Artificial intelligence is changing how we work — but the deepest transformations are not just technical. They’re cultural, human, and organizational. That’s why I believe HR sits at the very center of the AI revolution.
At The AI+HI Project 2025 in San Francisco, we surfaced four interconnected truths that make the case for why HR should lean into the adoption of AI inside organizations — not just respond to it.

1. Responsible AI Is Migrating to HR
If AI is going to touch internal employees, it’s going to touch HR first.
From hiring and training to performance evaluation and workforce planning, HR systems are the primary interface between AI tools and people. That means HR will increasingly become the steward of internal responsible AI practices — ensuring fairness, transparency, explainability, and agency in how AI is used at work.
While CEOs establish the organizational social contract with employees, HR manages the mechanisms that implement and illustrate this contract throughout the employee life cycle. As AI increasingly permeates the tools used across recruitment, onboarding, L&D, performance evaluation, and talent management, employees will have fundamental questions about its implementation. Is AI being used to evaluate them transparently? Is the process fair? Do they have the right to opt out?
Some companies have already implemented systems where employees can choose to opt out of AI-based evaluation, electing instead to be assessed only by humans. I believe that employees expect and deserve transparency about how technology is being used in their workplace experience. Top talent will ultimately vote with their feet, choosing employers who implement AI ethically and responsibly.
We saw this play out publicly when Shopify’s CEO said employees must prove that AI can’t perform a particular task before headcount decisions are made. While this appears to be a straightforward leadership directive, it’s HR that truly operationalizes it behind the scenes. The CEO may set the mandate requiring teams to maximize AI usage before requesting additional headcount, but it’s HR that must implement all the underlying systems to make this possible.
HR handles the workforce planning to determine if headcount is justified. HR develops and delivers the L&D programs that train employees to use AI effectively. HR designs and manages the performance management tools that assess whether employees have genuinely attempted to leverage AI.

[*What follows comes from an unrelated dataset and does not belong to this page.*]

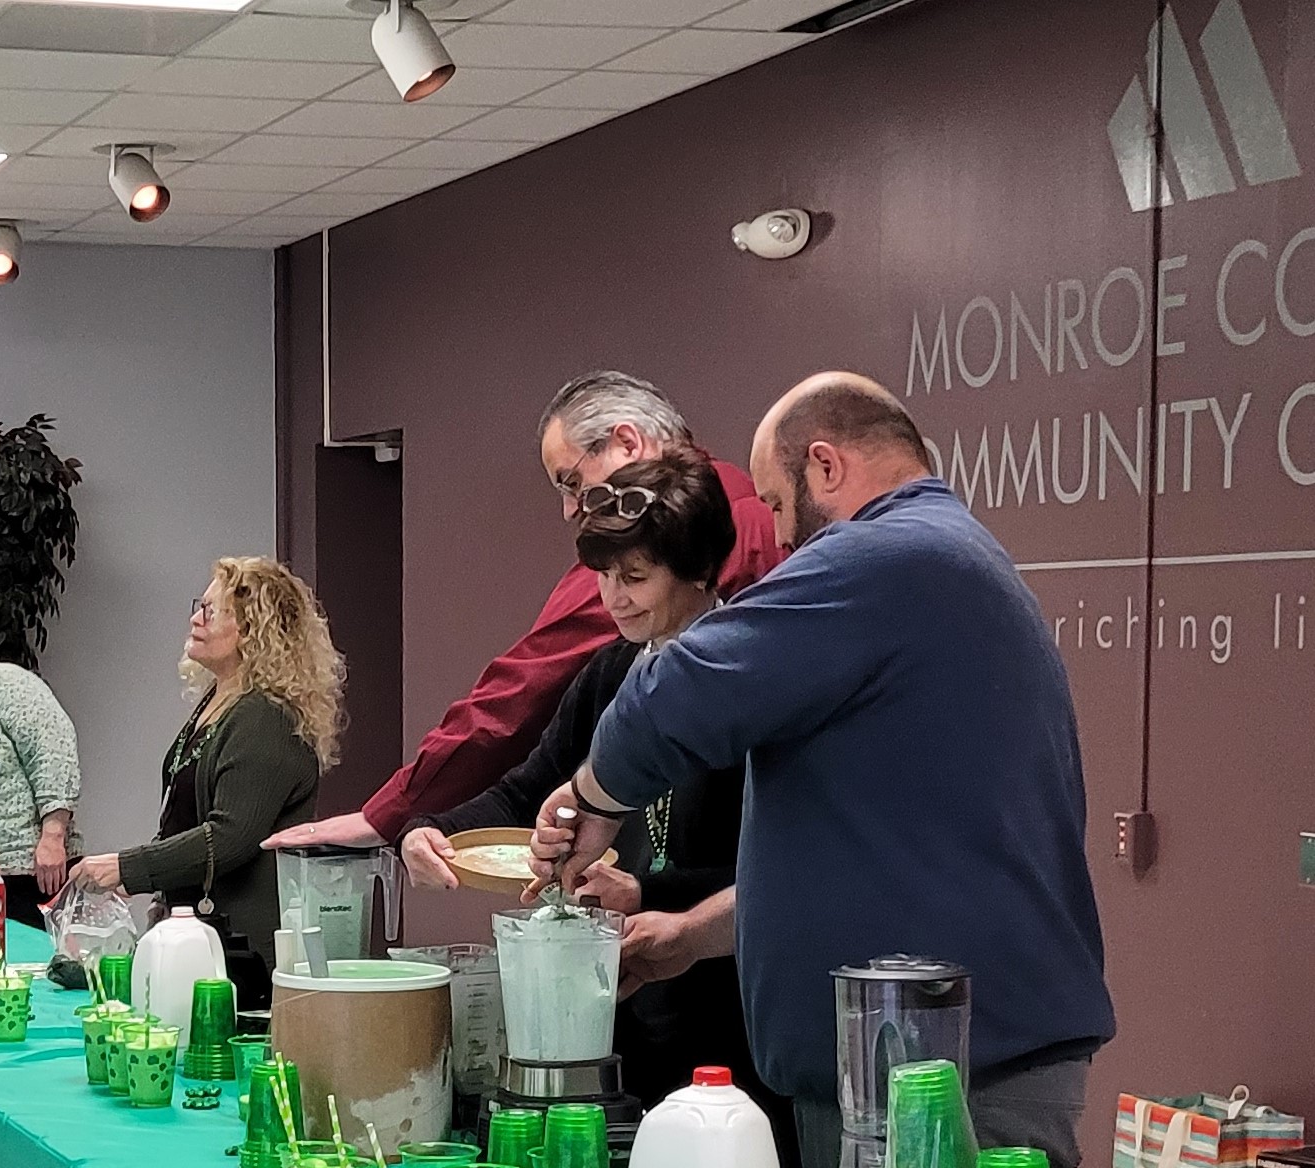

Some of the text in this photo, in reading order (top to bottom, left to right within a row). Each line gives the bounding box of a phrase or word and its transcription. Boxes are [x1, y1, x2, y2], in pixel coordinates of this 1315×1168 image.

[905, 255, 1188, 397] MONROE
[922, 392, 1253, 509] MMUNITY
[1054, 595, 1233, 665] riching

While managers enforce the day-to-day directive, HR builds the entire infrastructure of training, evaluation, and process institutionalization that makes the CEO’s mandate actually functional across the organization. Responsible AI isn’t a future trend — it’s already showing up in performance reviews, promotion criteria, and talent planning. HR has no choice but to own it.
Whether prepared or not, HR departments will find themselves answering critical questions, and I believe that the migration of employee-focused responsible AI expertise to HR isn’t optional — it’s inevitable.
2. AI Can Unlock Causal Credibility for HR
Historically, HR has struggled to “prove” the value of its work because so much of it is tacit, experiential, or anecdotal. But recent advances in causal inference — highlighted by Stanford University’s Erik Brynjolfsson during his fireside chat with SHRM President and Chief Executive Officer Johnny C. Taylor, Jr., SHRM-SCP — have been a game changer.
Two Nobel Prizes in 2023 were awarded for breakthroughs in identifying causality from messy, unstructured data. That means we’re entering an era where we can say: This intervention caused that outcome — not just correlated with it. This capability has the power to transform HR from a storytelling function into a hard data function with demonstrable results.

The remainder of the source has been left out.